The plague has hit our household. And it is EVIL.

It started with Miss Sunshine, New Years Eve morning. She threw up. Just a little milk, since that was all she'd had at that point. After throwing up (all over MY bed, no less) she acted perfectly normal - I gave her some watered down juice to see if she could keep that down, which she did. So then we moved to crackers. Okay there. So by lunchtime it was life as usual. I figured maybe when she was drinking the milk it just went down the wrong way or something and caused her to gag and throw up, and that she wasn't really sick.

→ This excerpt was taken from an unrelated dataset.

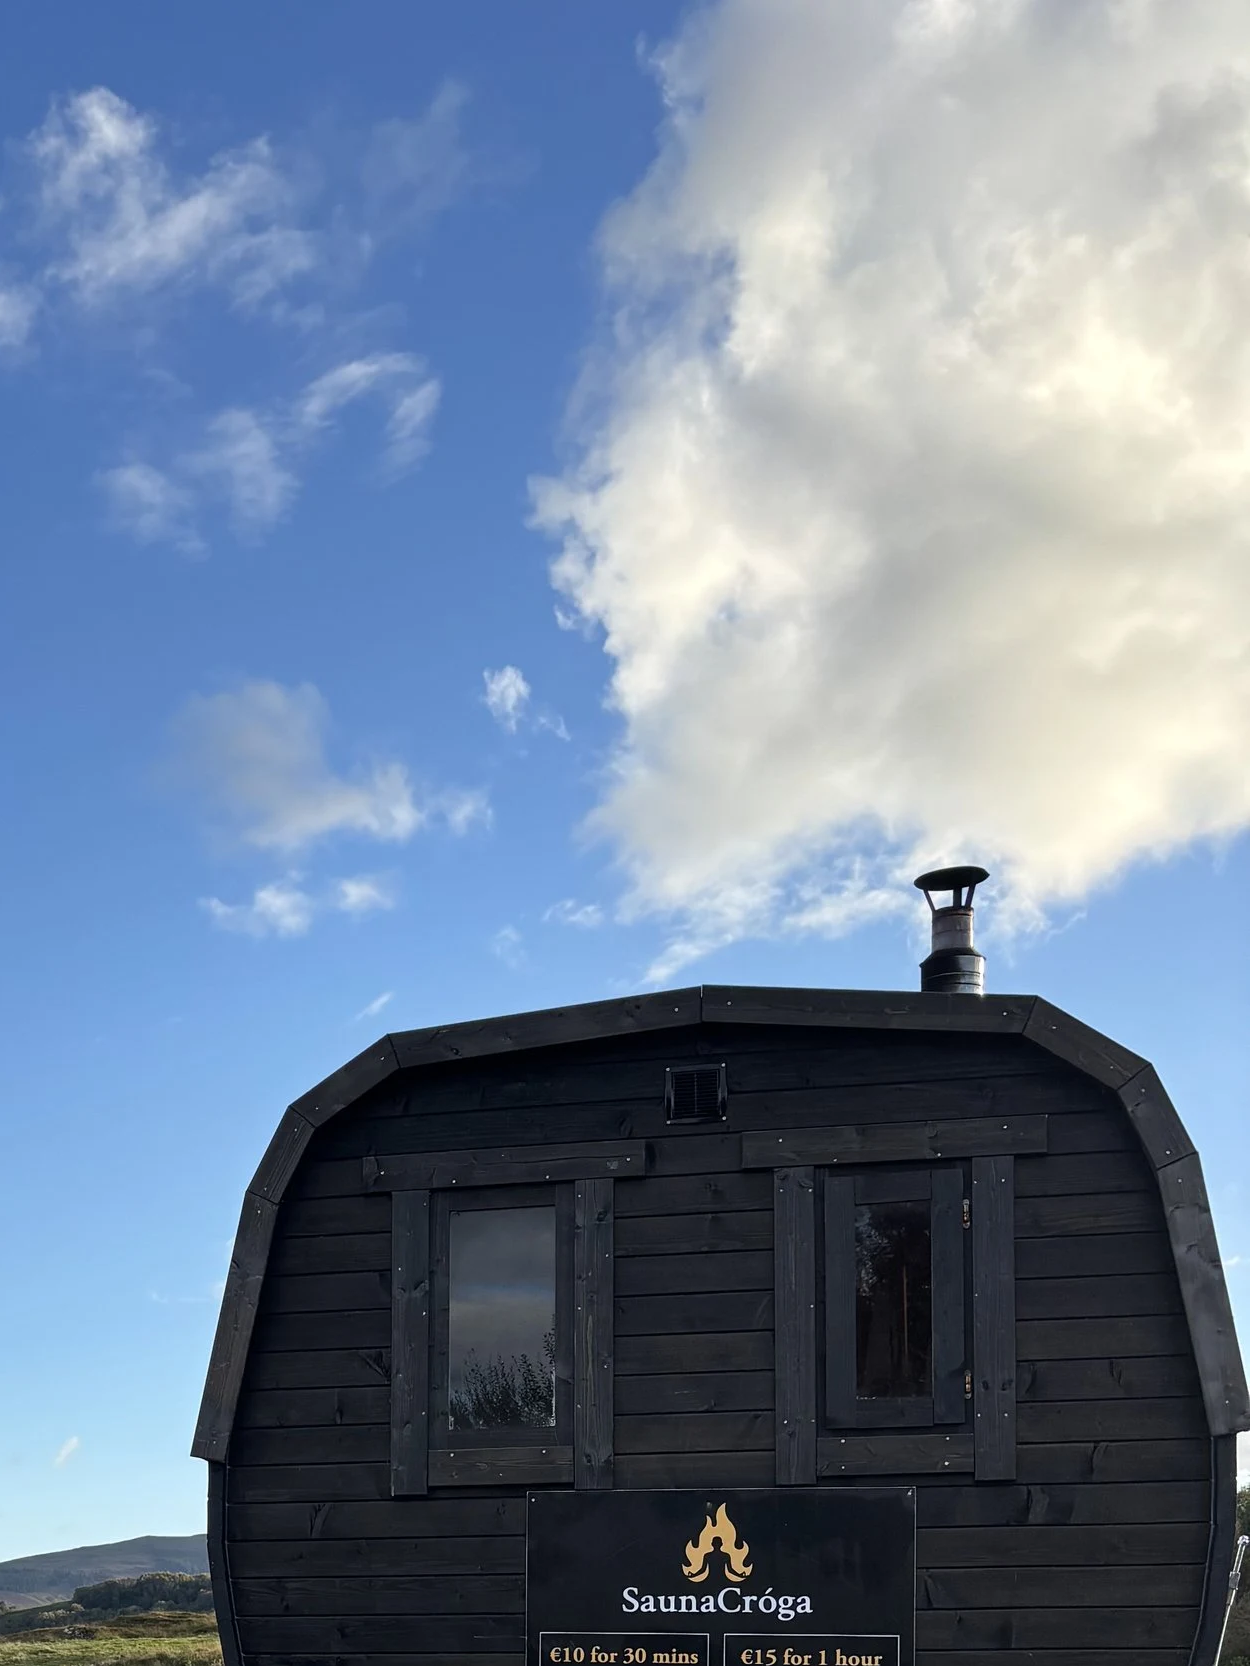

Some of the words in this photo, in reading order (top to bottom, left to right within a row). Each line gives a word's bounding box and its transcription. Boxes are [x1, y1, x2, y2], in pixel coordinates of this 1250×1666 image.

Then, around 1:30 am on New Years Day, Monster Boy decided to get into the action. He threw up a lot more. A lot longer. And felt miserable the whole day after that. I was going to keep the kids home. But my grandmother was having people over and she begged. "If he isn't throwing up anymore and he feels up to it, you should bring them over." Monster Boy insisted he wanted to go. I caved to pressure and took them, against my better judgement. He spent most of the day asleep in one of the guest bedrooms.

It hit me that night. I spent a miserable night wracked with chills, and very little sleep, alone in my bed. Daddy Mac slept on the couch to try to give me space, and avoid getting it himself. Alas, it was not enough. Late yesterday afternoon, he was struck as well. And I found out that my mother, and two of my cousins also wound up with it. Misery, and it's my fault it spread everywhere - because had I kept the kids home, I would have kept it confined to my house. SIGH. Now I feel really badly about all this.

On the bright side, we are all pretty much back to normal. Daddy Mac is still feeling slightly icky in his words, but nothing like yesterday. At least it moves quickly. SIGH. The joys of kids. And illness. Or not.